ASSIGNMENT. Whatever pictures appear, omit them, and repeat the data below exactly.

*** INPUT FOR THIS TASK Section Begins ***

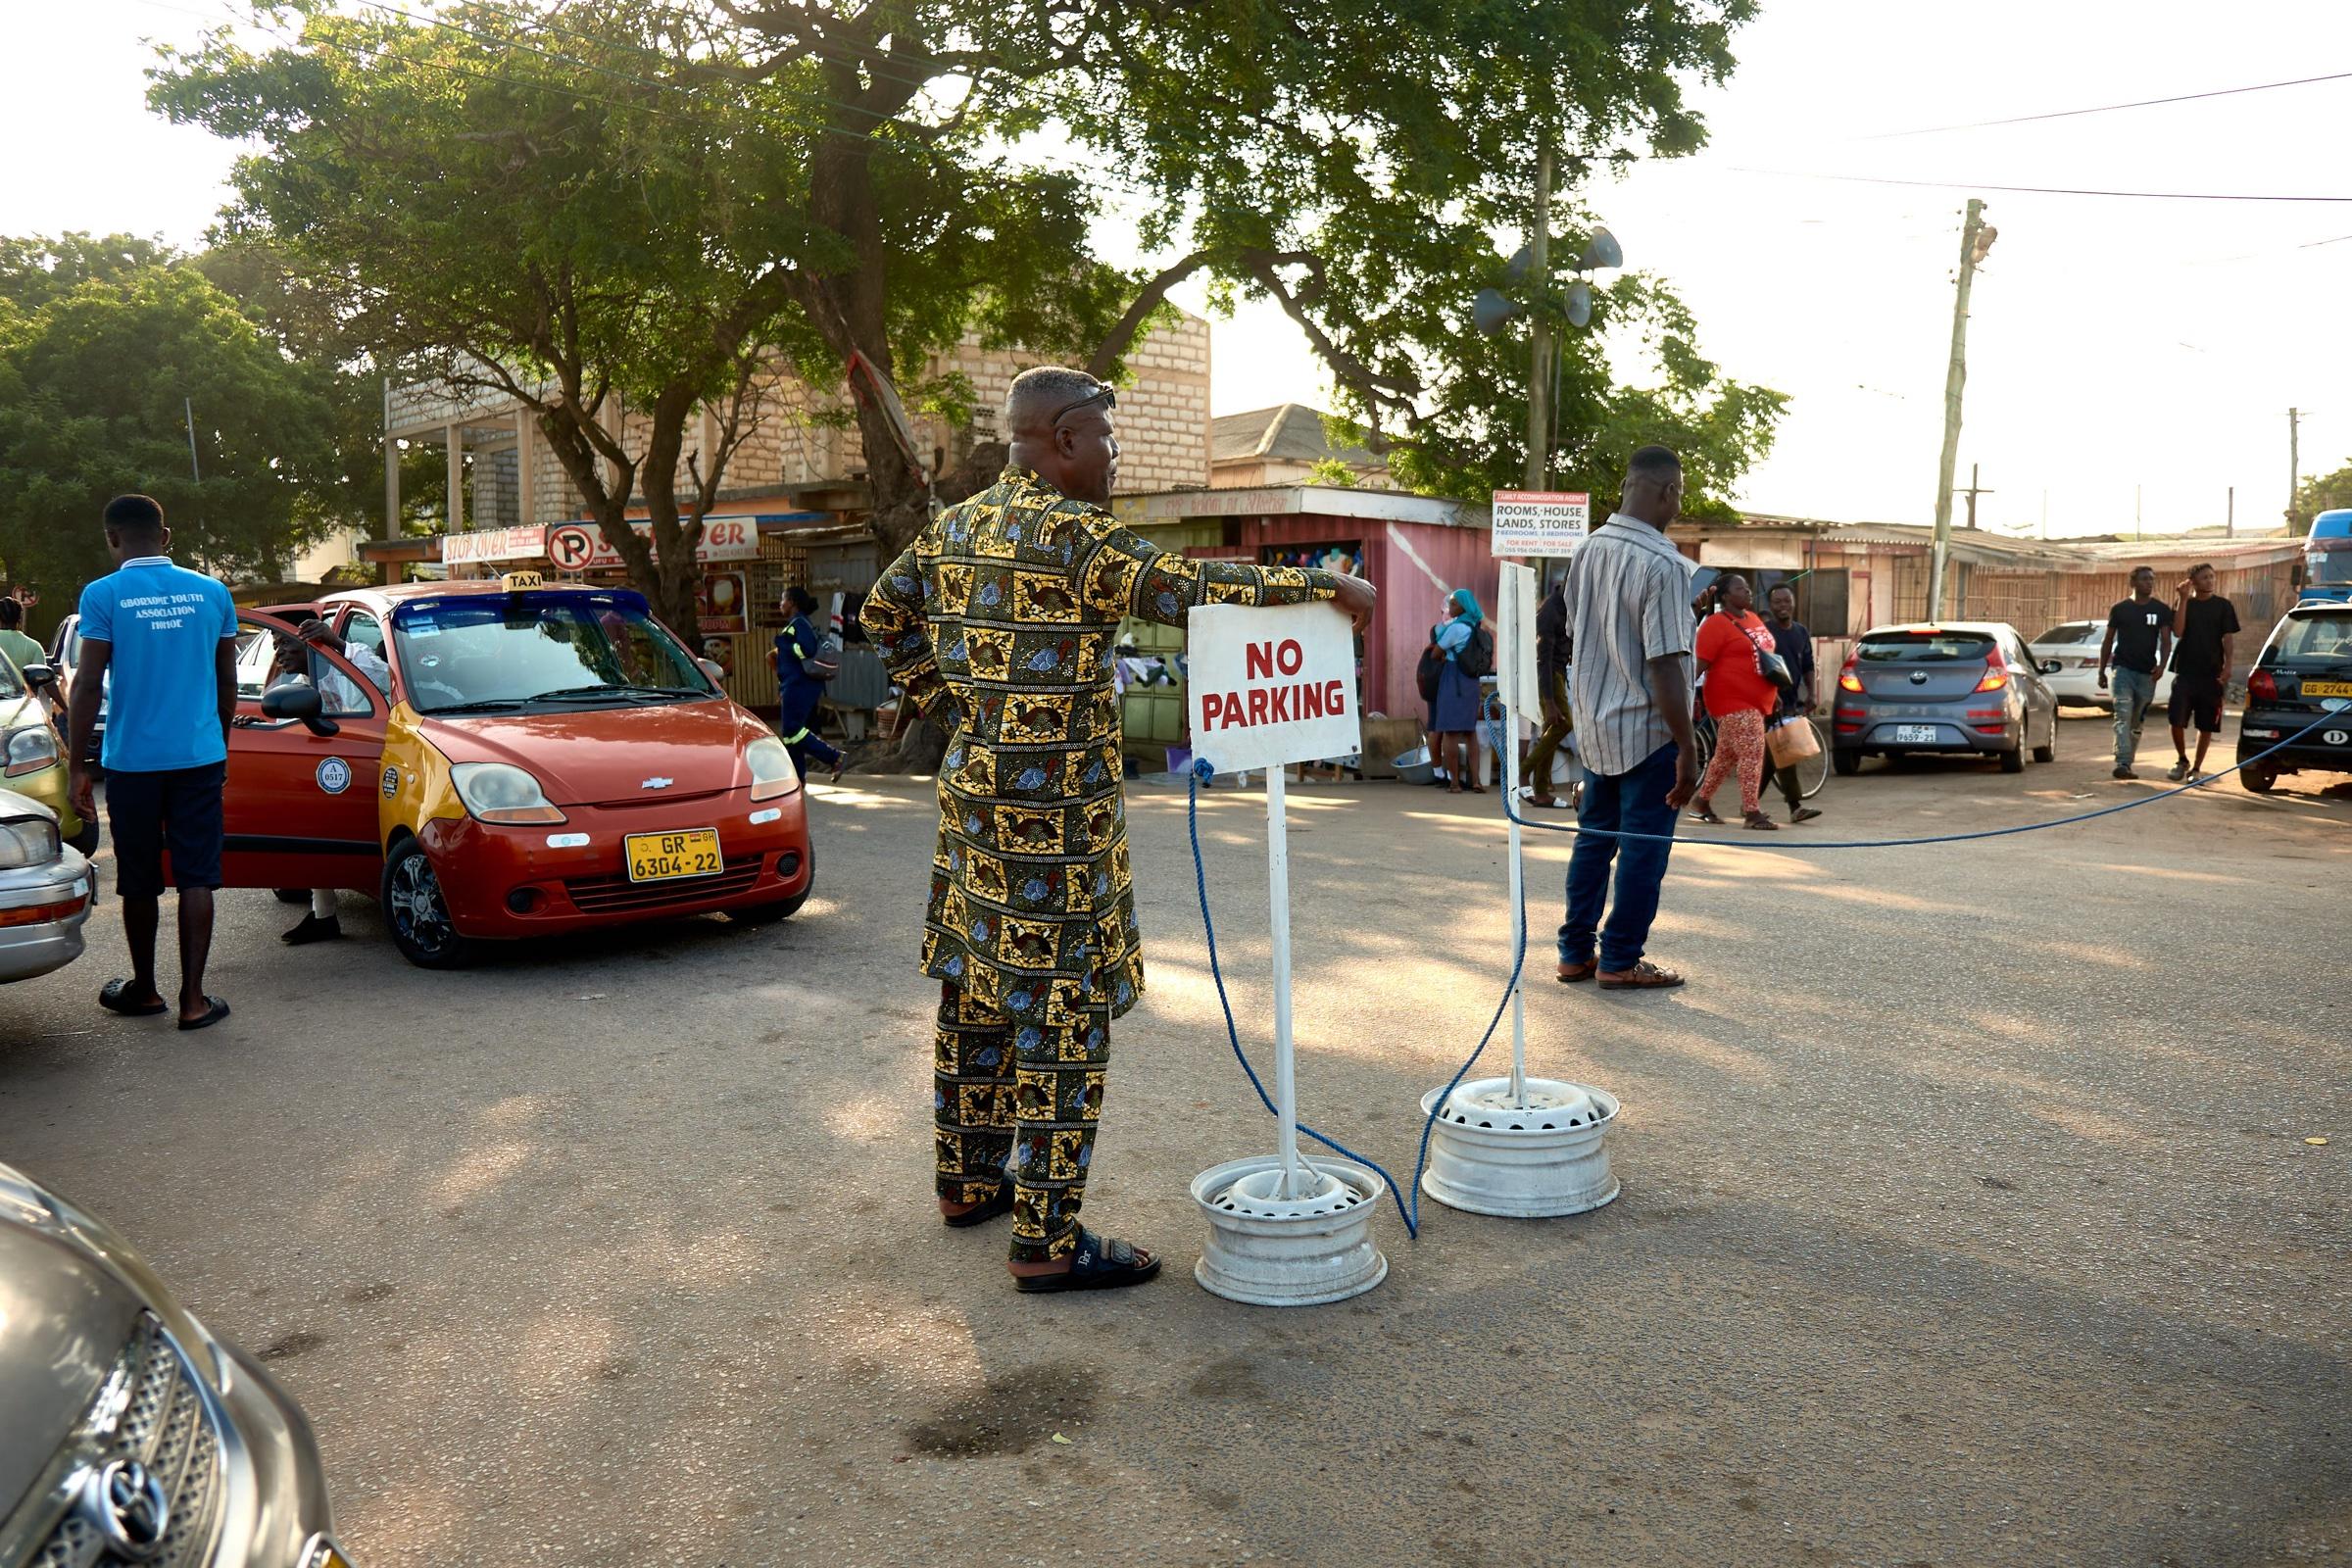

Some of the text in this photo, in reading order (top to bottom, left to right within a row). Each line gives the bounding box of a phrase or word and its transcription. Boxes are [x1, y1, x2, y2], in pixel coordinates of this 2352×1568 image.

[1496, 506, 1585, 517] ROOMS, HOUSE,
[1496, 518, 1581, 530] LANDS, STORES
[446, 535, 472, 561] STOP
[476, 532, 507, 558] OVER
[510, 575, 541, 587] TAXI
[170, 594, 204, 604] YOUTH
[135, 606, 196, 618] ASSOCIATION
[2146, 613, 2157, 625] 11
[1247, 639, 1302, 680] NO
[1201, 680, 1345, 732] PARKING
[2329, 732, 2343, 742] D
[662, 832, 714, 854] GR GH

*** INPUT FOR THIS TASK Section Ends ***

RESPONSE BOX.
Some of the text in this photo, in reading order (top to bottom, left to right within a row). Each line gives the bounding box of a phrase or word and its transcription. Boxes are [x1, y1, x2, y2], in pixel coordinates of this 2352×1568 image.

[1496, 506, 1585, 517] ROOMS, HOUSE,
[1496, 518, 1581, 530] LANDS, STORES
[446, 535, 472, 561] STOP
[476, 532, 507, 558] OVER
[510, 575, 541, 587] TAXI
[170, 594, 204, 604] YOUTH
[135, 606, 196, 618] ASSOCIATION
[2146, 613, 2157, 625] 11
[1247, 639, 1302, 680] NO
[1201, 680, 1345, 732] PARKING
[2329, 732, 2343, 742] D
[662, 832, 714, 854] GR GH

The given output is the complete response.